=== WORK INSTRUCTIONS ===
Would you retype exactly the lines from the one holding "Some of the text" through the last line of the listing, and only those, without pictures?

--- MATERIAL SHOWN Enclosed Below ---

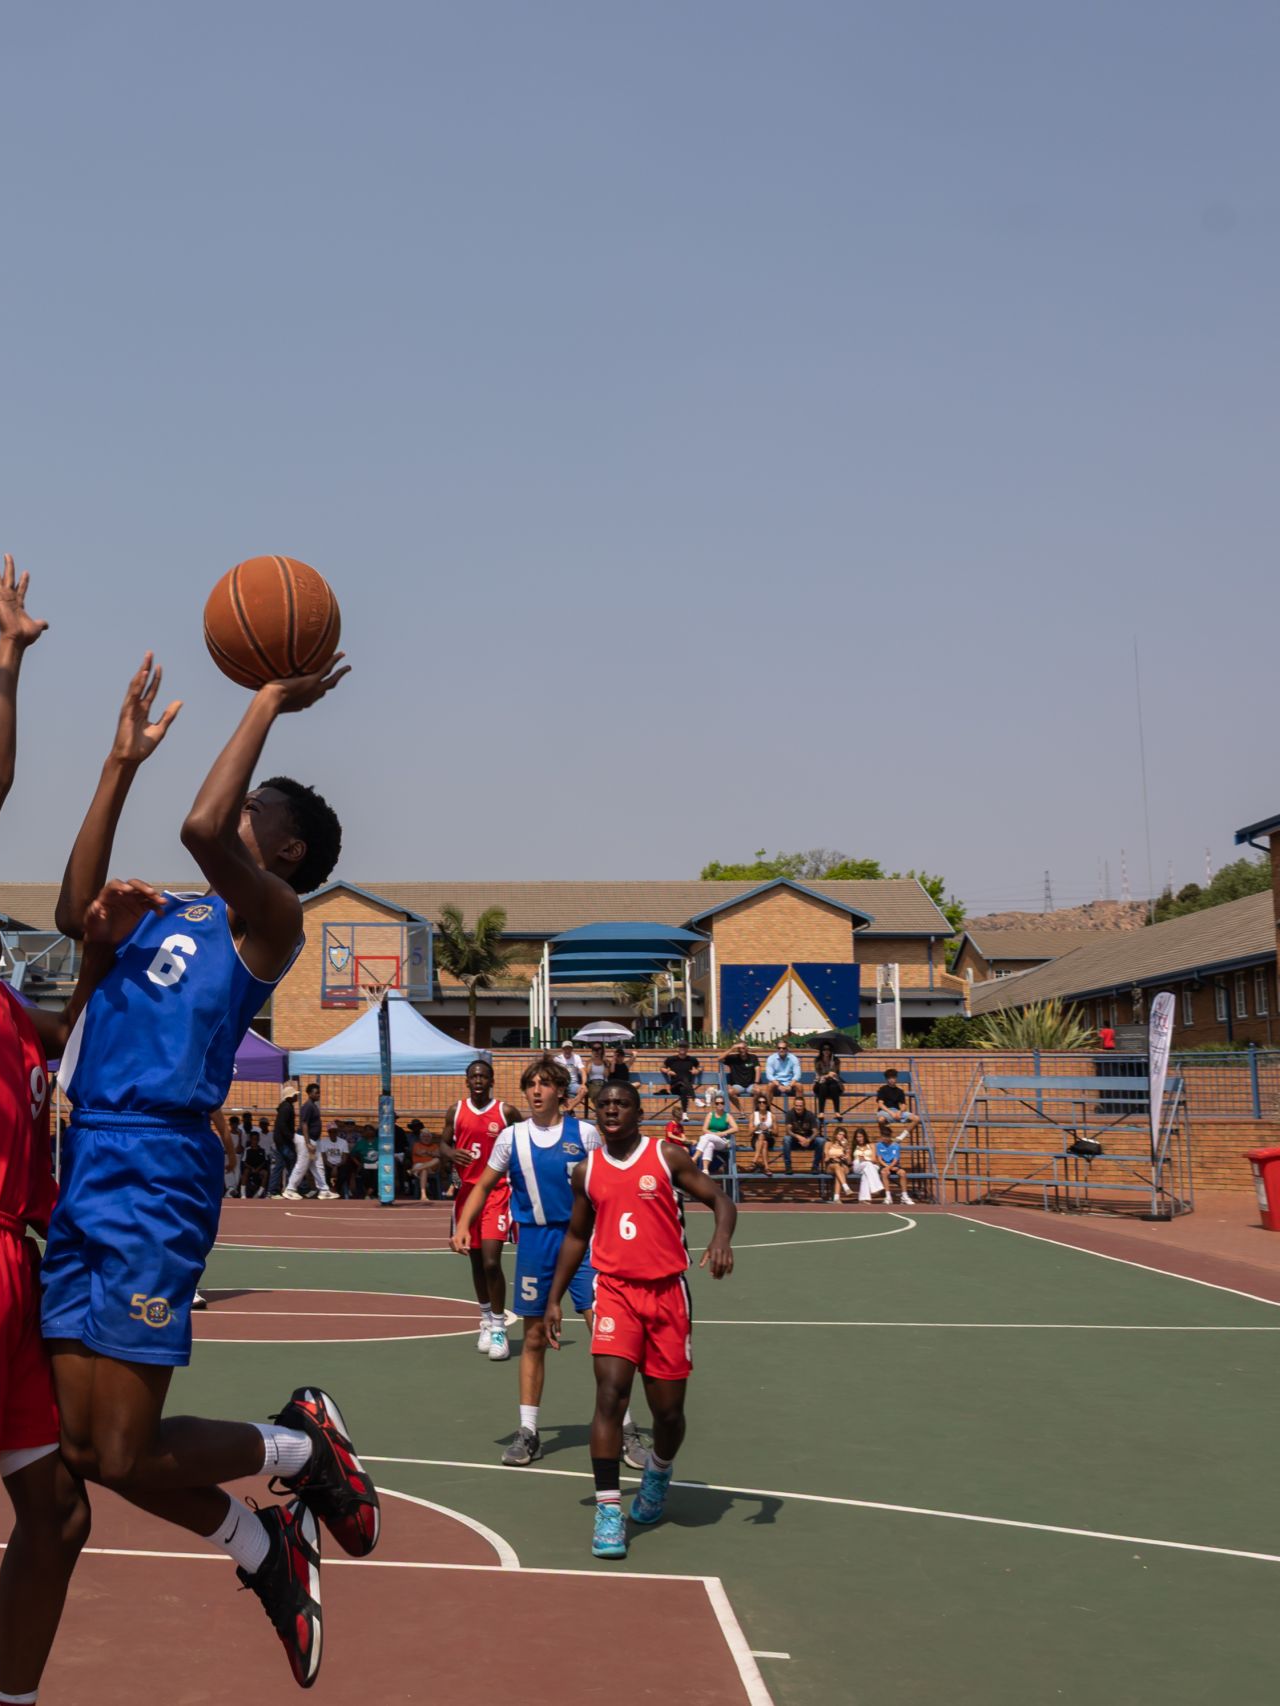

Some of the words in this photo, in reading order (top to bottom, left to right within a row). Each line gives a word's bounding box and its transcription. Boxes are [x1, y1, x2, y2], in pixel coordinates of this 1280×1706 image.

[146, 933, 197, 987] 6
[411, 947, 423, 966] 5
[30, 1065, 47, 1120] 9
[471, 1142, 481, 1159] 5
[497, 1214, 507, 1231] 5
[618, 1212, 637, 1240] 6
[521, 1276, 538, 1301] 5
[128, 1293, 171, 1329] 50
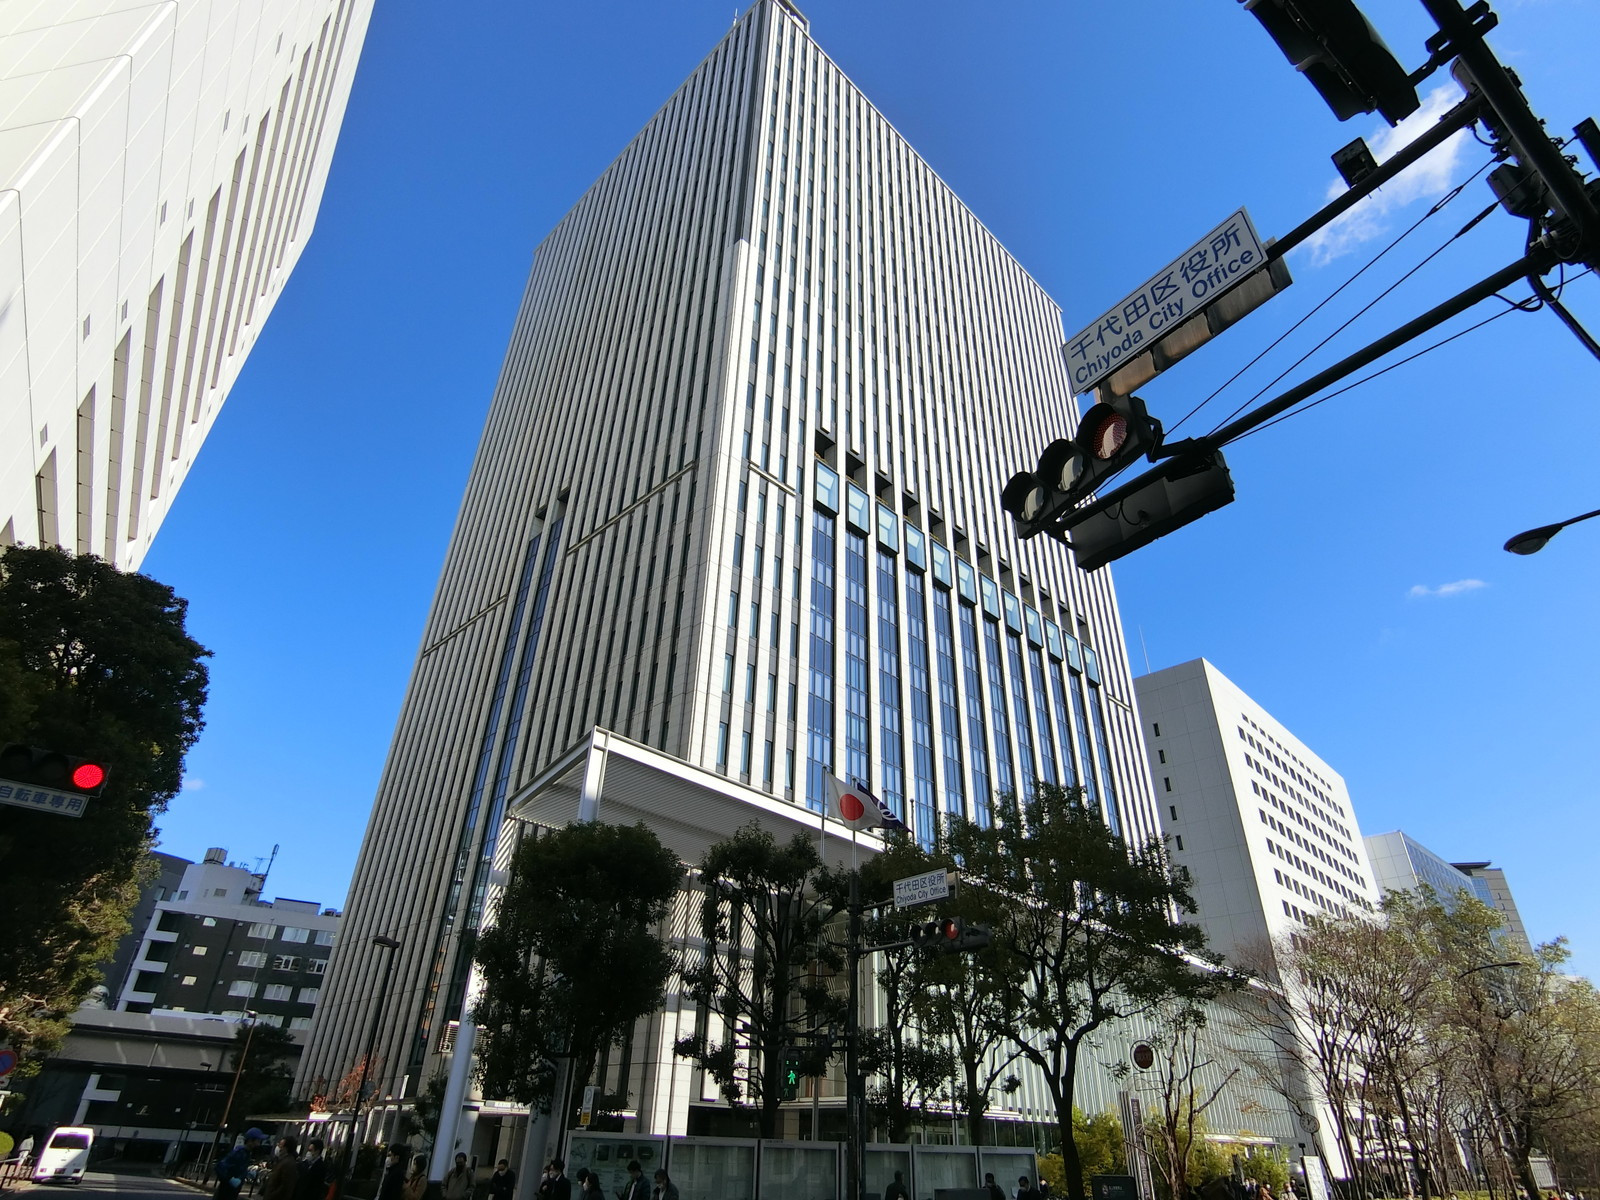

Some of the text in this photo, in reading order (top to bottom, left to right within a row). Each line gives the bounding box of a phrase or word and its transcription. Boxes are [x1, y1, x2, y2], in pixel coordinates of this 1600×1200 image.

[1071, 222, 1241, 361] 千代田区役所
[1075, 250, 1254, 384] Chiyoda City Office
[0, 785, 83, 811] 自転車専用
[896, 872, 945, 894] 千代田区役所
[896, 886, 946, 904] Chiyoda City Office
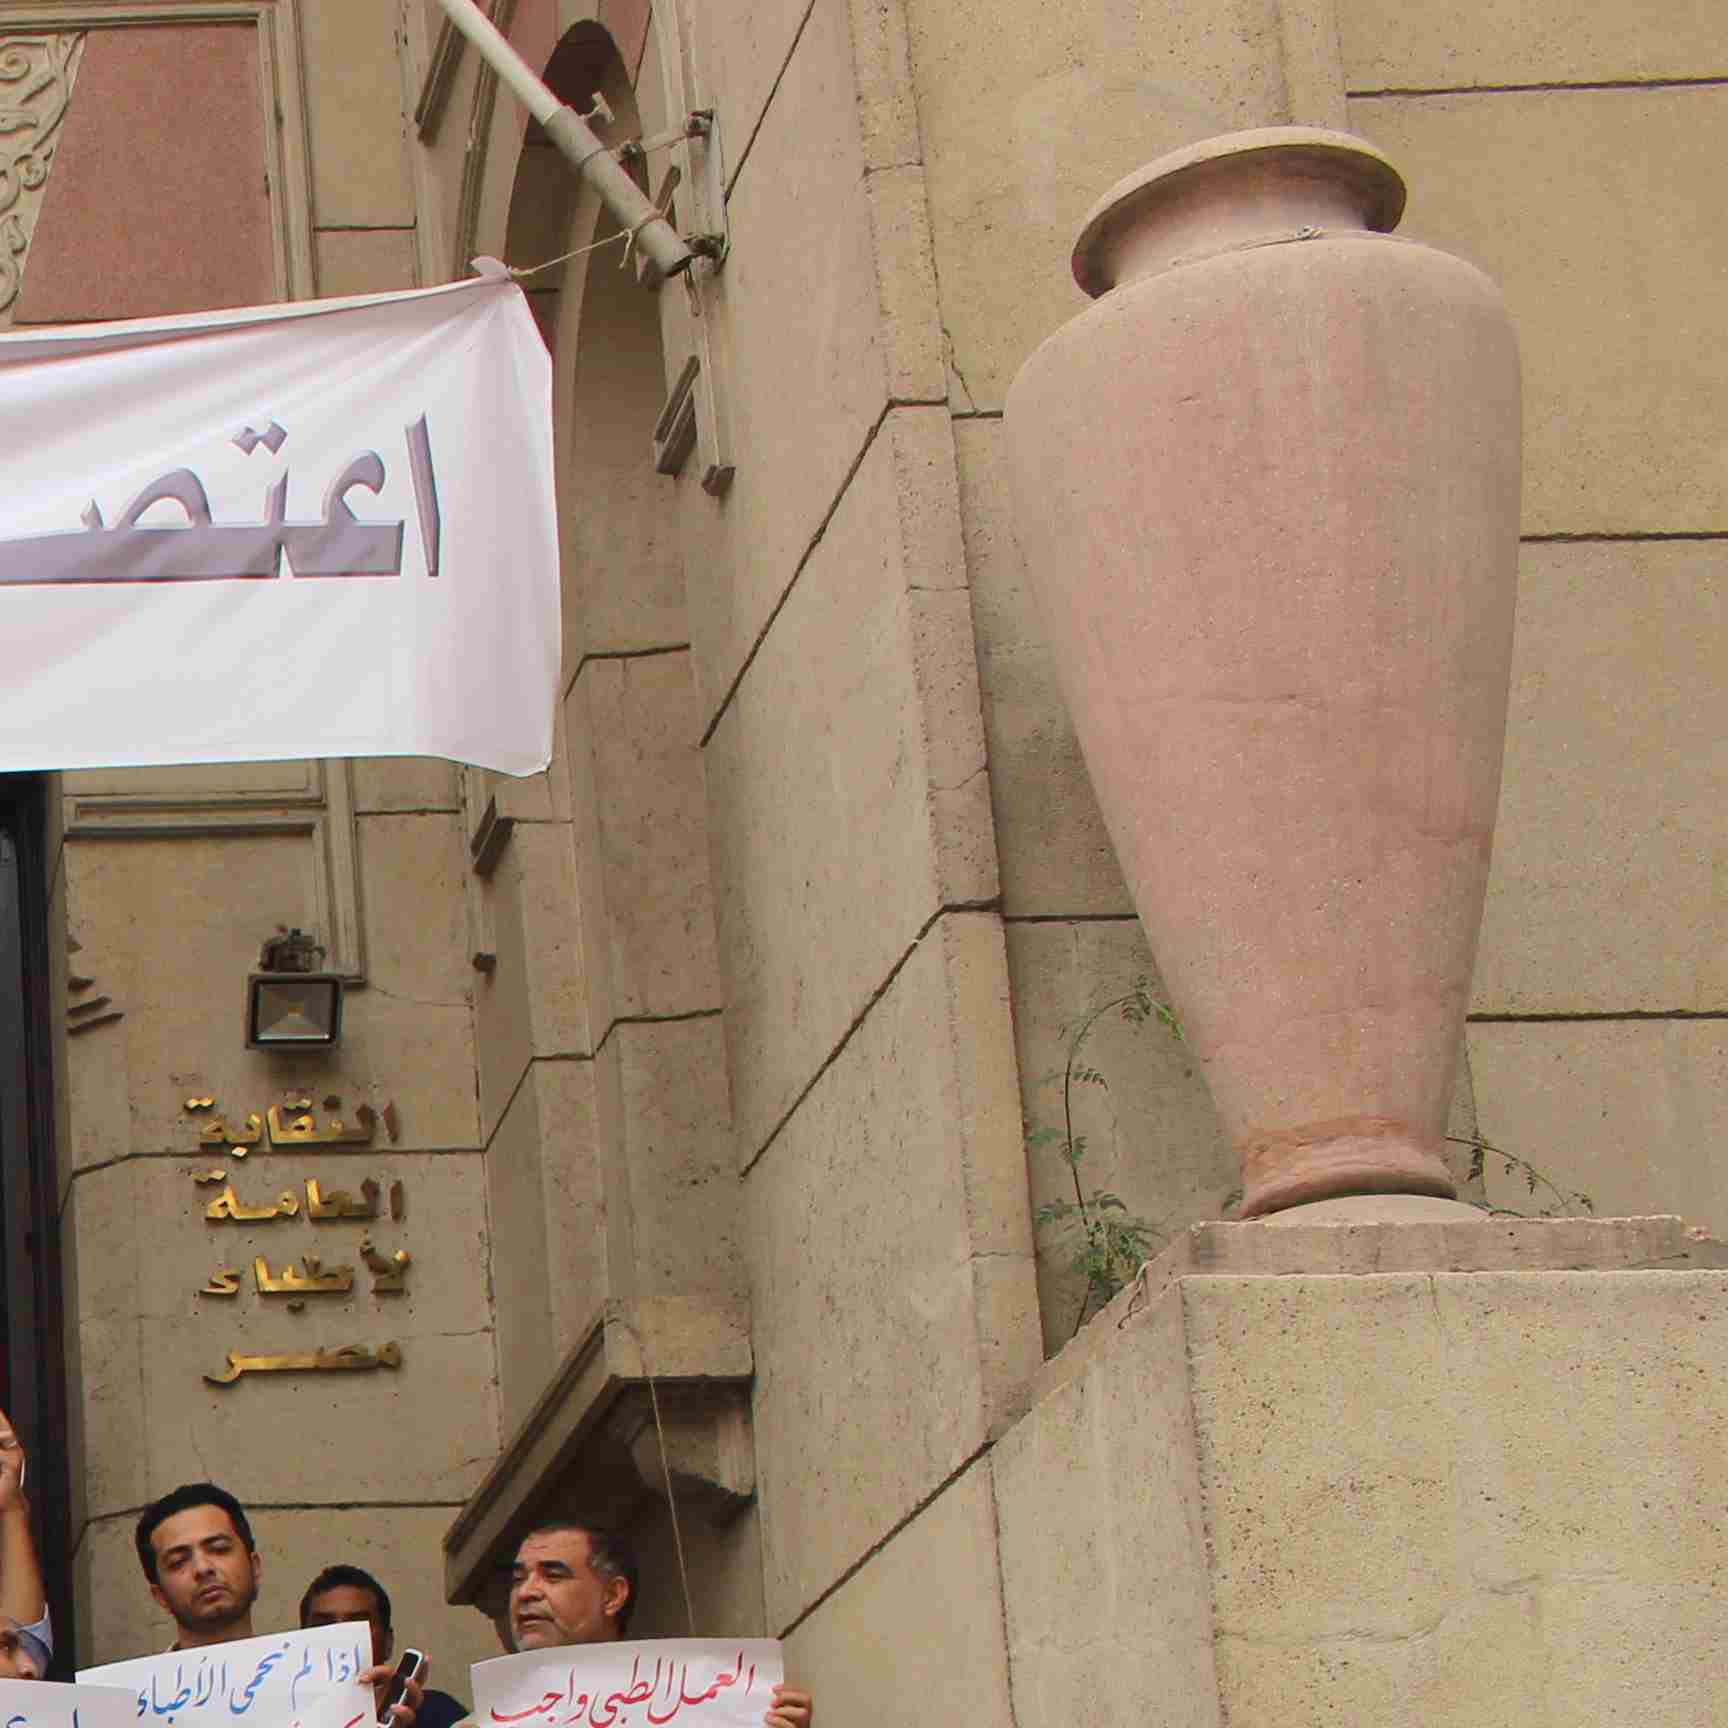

--- End of Enclosed MATERIAL SHOWN ---

=== TASK OUTPUT ===
Some of the text in this photo, in reading order (top to bottom, left to right within a row). Each line gives the bounding box of a phrase or word and its transcription. Boxes are [x1, y1, x2, y2], in pixel coordinates of this 1600×1200 image.

[1071, 222, 1241, 361] 千代田区役所
[1075, 250, 1254, 384] Chiyoda City Office
[0, 785, 83, 811] 自転車専用
[896, 872, 945, 894] 千代田区役所
[896, 886, 946, 904] Chiyoda City Office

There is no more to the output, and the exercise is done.